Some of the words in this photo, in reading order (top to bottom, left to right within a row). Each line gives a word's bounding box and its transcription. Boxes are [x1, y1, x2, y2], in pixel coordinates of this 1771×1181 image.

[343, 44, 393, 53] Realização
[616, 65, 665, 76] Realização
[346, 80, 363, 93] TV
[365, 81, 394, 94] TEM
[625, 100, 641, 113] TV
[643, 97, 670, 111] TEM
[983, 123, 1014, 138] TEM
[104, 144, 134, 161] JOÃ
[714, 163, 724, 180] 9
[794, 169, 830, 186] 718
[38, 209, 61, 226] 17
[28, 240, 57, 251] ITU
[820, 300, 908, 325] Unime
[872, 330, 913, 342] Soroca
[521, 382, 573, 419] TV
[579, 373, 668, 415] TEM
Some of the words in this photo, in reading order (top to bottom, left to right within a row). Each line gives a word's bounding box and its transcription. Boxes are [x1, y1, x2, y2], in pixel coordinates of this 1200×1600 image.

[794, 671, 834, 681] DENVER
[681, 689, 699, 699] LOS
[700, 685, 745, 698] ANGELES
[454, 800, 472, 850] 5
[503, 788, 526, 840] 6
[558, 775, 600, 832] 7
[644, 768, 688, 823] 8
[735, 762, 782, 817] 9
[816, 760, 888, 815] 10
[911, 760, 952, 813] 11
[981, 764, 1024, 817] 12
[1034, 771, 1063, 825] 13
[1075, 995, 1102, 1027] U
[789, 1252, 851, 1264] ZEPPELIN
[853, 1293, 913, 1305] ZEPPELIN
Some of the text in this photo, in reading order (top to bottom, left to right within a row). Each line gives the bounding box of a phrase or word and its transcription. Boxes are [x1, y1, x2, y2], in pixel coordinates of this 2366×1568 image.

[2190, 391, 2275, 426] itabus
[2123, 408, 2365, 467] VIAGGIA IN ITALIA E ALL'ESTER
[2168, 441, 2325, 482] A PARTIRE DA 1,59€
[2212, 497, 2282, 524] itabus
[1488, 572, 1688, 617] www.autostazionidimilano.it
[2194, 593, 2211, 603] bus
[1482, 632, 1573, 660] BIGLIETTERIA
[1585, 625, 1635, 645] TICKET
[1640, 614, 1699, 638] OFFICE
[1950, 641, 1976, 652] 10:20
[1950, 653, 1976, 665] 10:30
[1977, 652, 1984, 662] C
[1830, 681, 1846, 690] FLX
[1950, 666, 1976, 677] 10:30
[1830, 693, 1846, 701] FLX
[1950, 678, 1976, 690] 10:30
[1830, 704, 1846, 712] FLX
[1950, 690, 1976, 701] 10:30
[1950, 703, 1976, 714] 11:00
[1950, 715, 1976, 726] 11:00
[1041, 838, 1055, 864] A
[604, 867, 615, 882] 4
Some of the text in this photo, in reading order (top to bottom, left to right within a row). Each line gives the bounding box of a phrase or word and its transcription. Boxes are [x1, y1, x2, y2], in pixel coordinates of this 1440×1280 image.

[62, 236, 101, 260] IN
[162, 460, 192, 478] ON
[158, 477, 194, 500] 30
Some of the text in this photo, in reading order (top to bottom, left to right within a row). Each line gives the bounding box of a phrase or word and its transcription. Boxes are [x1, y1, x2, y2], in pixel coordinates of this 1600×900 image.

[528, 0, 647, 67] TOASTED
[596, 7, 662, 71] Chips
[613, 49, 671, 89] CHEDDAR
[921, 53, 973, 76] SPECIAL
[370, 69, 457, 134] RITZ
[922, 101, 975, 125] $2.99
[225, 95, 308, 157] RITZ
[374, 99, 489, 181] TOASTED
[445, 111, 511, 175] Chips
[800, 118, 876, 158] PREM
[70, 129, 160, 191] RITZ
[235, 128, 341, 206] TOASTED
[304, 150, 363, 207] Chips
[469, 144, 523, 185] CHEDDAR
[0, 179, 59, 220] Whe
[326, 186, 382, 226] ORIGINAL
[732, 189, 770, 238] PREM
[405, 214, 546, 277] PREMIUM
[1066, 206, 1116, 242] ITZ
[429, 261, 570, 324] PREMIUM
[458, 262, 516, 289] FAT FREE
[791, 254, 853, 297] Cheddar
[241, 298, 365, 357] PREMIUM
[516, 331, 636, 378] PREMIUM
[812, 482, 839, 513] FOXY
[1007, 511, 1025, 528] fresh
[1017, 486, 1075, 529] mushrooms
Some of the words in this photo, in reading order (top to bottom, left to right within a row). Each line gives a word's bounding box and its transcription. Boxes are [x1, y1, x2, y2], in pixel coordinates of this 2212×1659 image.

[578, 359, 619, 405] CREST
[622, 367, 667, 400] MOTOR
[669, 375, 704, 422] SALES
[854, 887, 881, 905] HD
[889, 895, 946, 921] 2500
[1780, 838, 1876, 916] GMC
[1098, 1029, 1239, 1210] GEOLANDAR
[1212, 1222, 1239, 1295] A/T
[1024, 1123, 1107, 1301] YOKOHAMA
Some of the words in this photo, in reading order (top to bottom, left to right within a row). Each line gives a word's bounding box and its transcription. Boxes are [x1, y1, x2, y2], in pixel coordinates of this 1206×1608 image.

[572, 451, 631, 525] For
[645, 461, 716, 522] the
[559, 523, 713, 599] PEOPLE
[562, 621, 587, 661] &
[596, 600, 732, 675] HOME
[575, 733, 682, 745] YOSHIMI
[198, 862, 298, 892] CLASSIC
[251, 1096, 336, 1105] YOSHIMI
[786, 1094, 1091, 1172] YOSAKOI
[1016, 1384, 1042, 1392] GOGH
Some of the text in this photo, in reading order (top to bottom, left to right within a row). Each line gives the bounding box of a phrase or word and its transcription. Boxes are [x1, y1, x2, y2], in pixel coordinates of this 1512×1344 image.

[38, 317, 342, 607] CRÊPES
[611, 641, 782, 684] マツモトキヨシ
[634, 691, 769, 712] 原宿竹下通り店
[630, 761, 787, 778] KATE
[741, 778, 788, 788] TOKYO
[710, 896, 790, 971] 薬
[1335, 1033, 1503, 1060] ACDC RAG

....................

▶ [TASK PROMPT]
All of the data above needs to be transcribed verbatim.

▶ [TASK SOLUTION]
Some of the words in this photo, in reading order (top to bottom, left to right within a row). Each line gives a word's bounding box and its transcription. Boxes are [x1, y1, x2, y2], in pixel coordinates of this 1771×1181 image.

[343, 44, 393, 53] Realização
[616, 65, 665, 76] Realização
[346, 80, 363, 93] TV
[365, 81, 394, 94] TEM
[625, 100, 641, 113] TV
[643, 97, 670, 111] TEM
[983, 123, 1014, 138] TEM
[104, 144, 134, 161] JOÃ
[714, 163, 724, 180] 9
[794, 169, 830, 186] 718
[38, 209, 61, 226] 17
[28, 240, 57, 251] ITU
[820, 300, 908, 325] Unime
[872, 330, 913, 342] Soroca
[521, 382, 573, 419] TV
[579, 373, 668, 415] TEM
Some of the words in this photo, in reading order (top to bottom, left to right within a row). Each line gives a word's bounding box and its transcription. Boxes are [x1, y1, x2, y2], in pixel coordinates of this 1200×1600 image.

[794, 671, 834, 681] DENVER
[681, 689, 699, 699] LOS
[700, 685, 745, 698] ANGELES
[454, 800, 472, 850] 5
[503, 788, 526, 840] 6
[558, 775, 600, 832] 7
[644, 768, 688, 823] 8
[735, 762, 782, 817] 9
[816, 760, 888, 815] 10
[911, 760, 952, 813] 11
[981, 764, 1024, 817] 12
[1034, 771, 1063, 825] 13
[1075, 995, 1102, 1027] U
[789, 1252, 851, 1264] ZEPPELIN
[853, 1293, 913, 1305] ZEPPELIN
Some of the text in this photo, in reading order (top to bottom, left to right within a row). Each line gives the bounding box of a phrase or word and its transcription. Boxes are [x1, y1, x2, y2], in pixel coordinates of this 2366×1568 image.

[2190, 391, 2275, 426] itabus
[2123, 408, 2365, 467] VIAGGIA IN ITALIA E ALL'ESTER
[2168, 441, 2325, 482] A PARTIRE DA 1,59€
[2212, 497, 2282, 524] itabus
[1488, 572, 1688, 617] www.autostazionidimilano.it
[2194, 593, 2211, 603] bus
[1482, 632, 1573, 660] BIGLIETTERIA
[1585, 625, 1635, 645] TICKET
[1640, 614, 1699, 638] OFFICE
[1950, 641, 1976, 652] 10:20
[1950, 653, 1976, 665] 10:30
[1977, 652, 1984, 662] C
[1830, 681, 1846, 690] FLX
[1950, 666, 1976, 677] 10:30
[1830, 693, 1846, 701] FLX
[1950, 678, 1976, 690] 10:30
[1830, 704, 1846, 712] FLX
[1950, 690, 1976, 701] 10:30
[1950, 703, 1976, 714] 11:00
[1950, 715, 1976, 726] 11:00
[1041, 838, 1055, 864] A
[604, 867, 615, 882] 4
Some of the text in this photo, in reading order (top to bottom, left to right within a row). Each line gives the bounding box of a phrase or word and its transcription. Boxes are [x1, y1, x2, y2], in pixel coordinates of this 1440×1280 image.

[62, 236, 101, 260] IN
[162, 460, 192, 478] ON
[158, 477, 194, 500] 30
Some of the text in this photo, in reading order (top to bottom, left to right within a row). Each line gives the bounding box of a phrase or word and its transcription. Boxes are [x1, y1, x2, y2], in pixel coordinates of this 1600×900 image.

[528, 0, 647, 67] TOASTED
[596, 7, 662, 71] Chips
[613, 49, 671, 89] CHEDDAR
[921, 53, 973, 76] SPECIAL
[370, 69, 457, 134] RITZ
[922, 101, 975, 125] $2.99
[225, 95, 308, 157] RITZ
[374, 99, 489, 181] TOASTED
[445, 111, 511, 175] Chips
[800, 118, 876, 158] PREM
[70, 129, 160, 191] RITZ
[235, 128, 341, 206] TOASTED
[304, 150, 363, 207] Chips
[469, 144, 523, 185] CHEDDAR
[0, 179, 59, 220] Whe
[326, 186, 382, 226] ORIGINAL
[732, 189, 770, 238] PREM
[405, 214, 546, 277] PREMIUM
[1066, 206, 1116, 242] ITZ
[429, 261, 570, 324] PREMIUM
[458, 262, 516, 289] FAT FREE
[791, 254, 853, 297] Cheddar
[241, 298, 365, 357] PREMIUM
[516, 331, 636, 378] PREMIUM
[812, 482, 839, 513] FOXY
[1007, 511, 1025, 528] fresh
[1017, 486, 1075, 529] mushrooms
Some of the words in this photo, in reading order (top to bottom, left to right within a row). Each line gives a word's bounding box and its transcription. Boxes are [x1, y1, x2, y2], in pixel coordinates of this 2212×1659 image.

[578, 359, 619, 405] CREST
[622, 367, 667, 400] MOTOR
[669, 375, 704, 422] SALES
[854, 887, 881, 905] HD
[889, 895, 946, 921] 2500
[1780, 838, 1876, 916] GMC
[1098, 1029, 1239, 1210] GEOLANDAR
[1212, 1222, 1239, 1295] A/T
[1024, 1123, 1107, 1301] YOKOHAMA
Some of the words in this photo, in reading order (top to bottom, left to right within a row). Each line gives a word's bounding box and its transcription. Boxes are [x1, y1, x2, y2], in pixel coordinates of this 1206×1608 image.

[572, 451, 631, 525] For
[645, 461, 716, 522] the
[559, 523, 713, 599] PEOPLE
[562, 621, 587, 661] &
[596, 600, 732, 675] HOME
[575, 733, 682, 745] YOSHIMI
[198, 862, 298, 892] CLASSIC
[251, 1096, 336, 1105] YOSHIMI
[786, 1094, 1091, 1172] YOSAKOI
[1016, 1384, 1042, 1392] GOGH
Some of the text in this photo, in reading order (top to bottom, left to right within a row). Each line gives the bounding box of a phrase or word and its transcription. Boxes are [x1, y1, x2, y2], in pixel coordinates of this 1512×1344 image.

[38, 317, 342, 607] CRÊPES
[611, 641, 782, 684] マツモトキヨシ
[634, 691, 769, 712] 原宿竹下通り店
[630, 761, 787, 778] KATE
[741, 778, 788, 788] TOKYO
[710, 896, 790, 971] 薬
[1335, 1033, 1503, 1060] ACDC RAG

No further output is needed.